For this exercise, retype all the data exactly and exclude every image.

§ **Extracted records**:
[Start of Attachment]
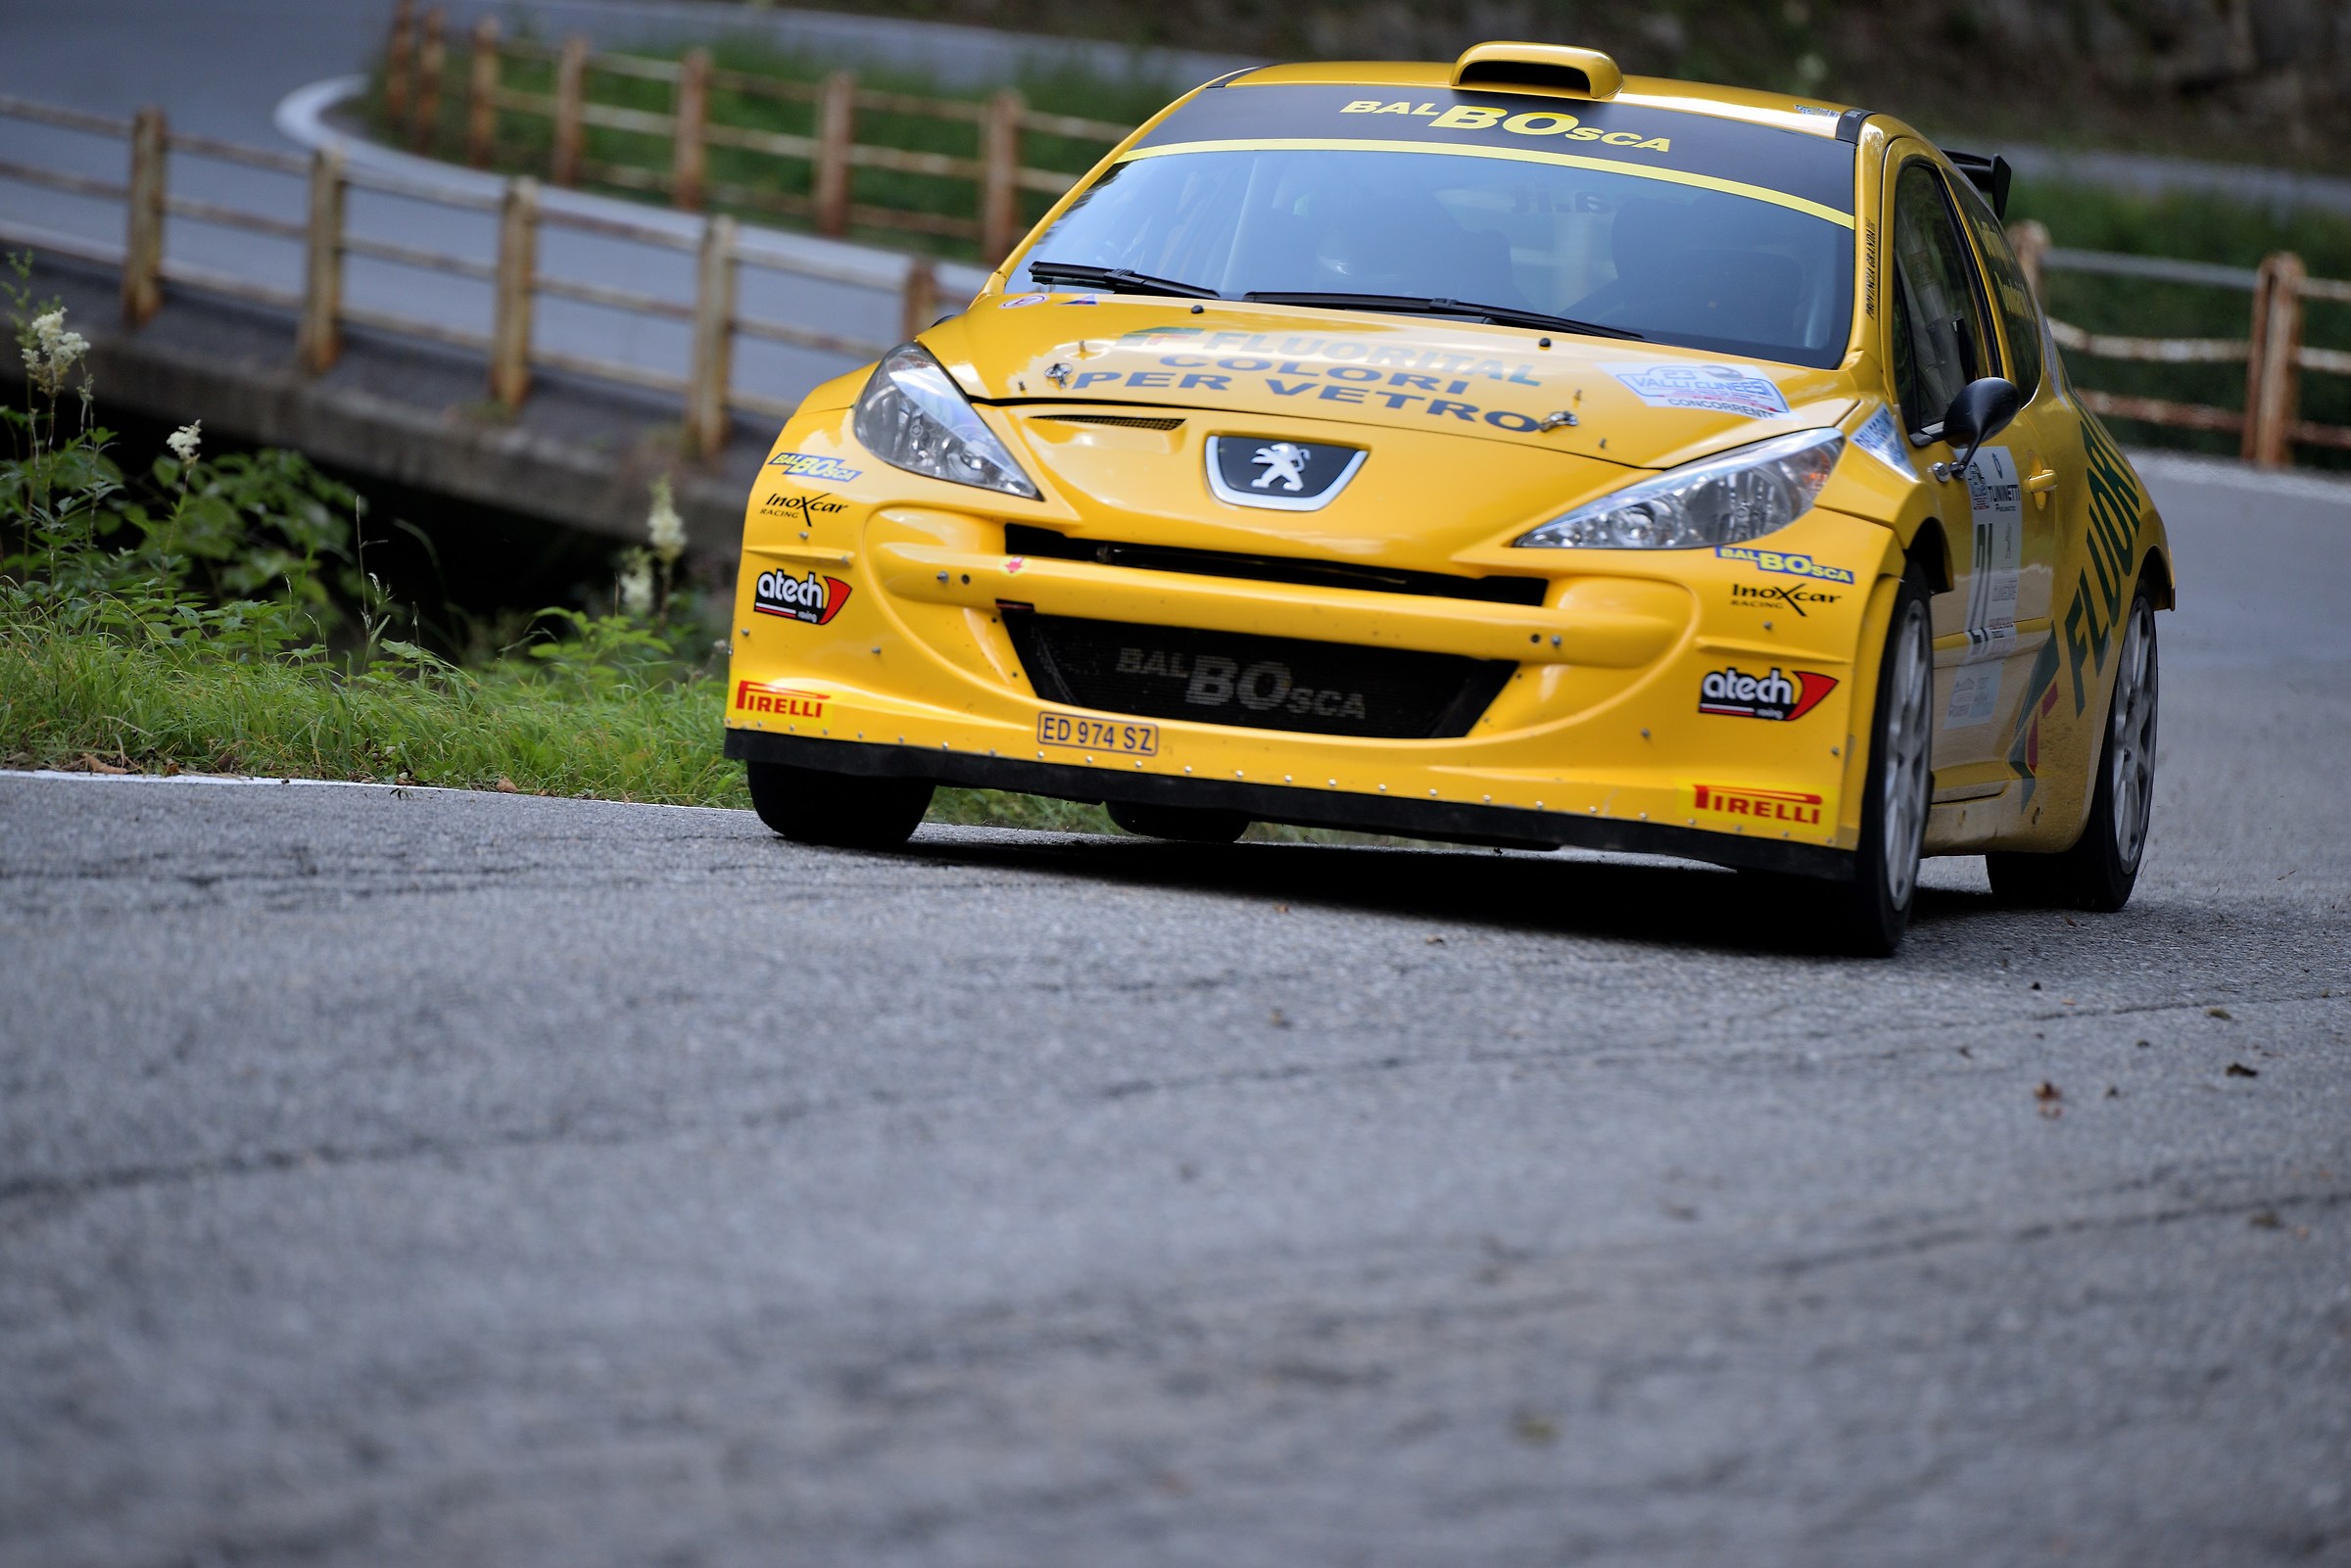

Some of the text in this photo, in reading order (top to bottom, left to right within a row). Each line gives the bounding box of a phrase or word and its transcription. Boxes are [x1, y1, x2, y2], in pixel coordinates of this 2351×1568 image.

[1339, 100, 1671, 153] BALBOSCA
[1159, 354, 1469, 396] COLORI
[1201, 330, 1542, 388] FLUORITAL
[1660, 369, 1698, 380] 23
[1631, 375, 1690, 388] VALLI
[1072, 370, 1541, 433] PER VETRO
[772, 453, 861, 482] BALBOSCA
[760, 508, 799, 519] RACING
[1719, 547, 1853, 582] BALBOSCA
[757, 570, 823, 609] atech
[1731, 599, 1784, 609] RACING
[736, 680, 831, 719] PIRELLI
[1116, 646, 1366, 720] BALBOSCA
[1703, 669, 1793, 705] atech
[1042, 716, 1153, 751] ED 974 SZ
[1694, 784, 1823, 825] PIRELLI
[End of Attachment]
§ **Exercise output**:
Some of the text in this photo, in reading order (top to bottom, left to right within a row). Each line gives the bounding box of a phrase or word and its transcription. Boxes are [x1, y1, x2, y2], in pixel coordinates of this 2351×1568 image.

[1339, 100, 1671, 153] BALBOSCA
[1159, 354, 1469, 396] COLORI
[1201, 330, 1542, 388] FLUORITAL
[1660, 369, 1698, 380] 23
[1631, 375, 1690, 388] VALLI
[1072, 370, 1541, 433] PER VETRO
[772, 453, 861, 482] BALBOSCA
[760, 508, 799, 519] RACING
[1719, 547, 1853, 582] BALBOSCA
[757, 570, 823, 609] atech
[1731, 599, 1784, 609] RACING
[736, 680, 831, 719] PIRELLI
[1116, 646, 1366, 720] BALBOSCA
[1703, 669, 1793, 705] atech
[1042, 716, 1153, 751] ED 974 SZ
[1694, 784, 1823, 825] PIRELLI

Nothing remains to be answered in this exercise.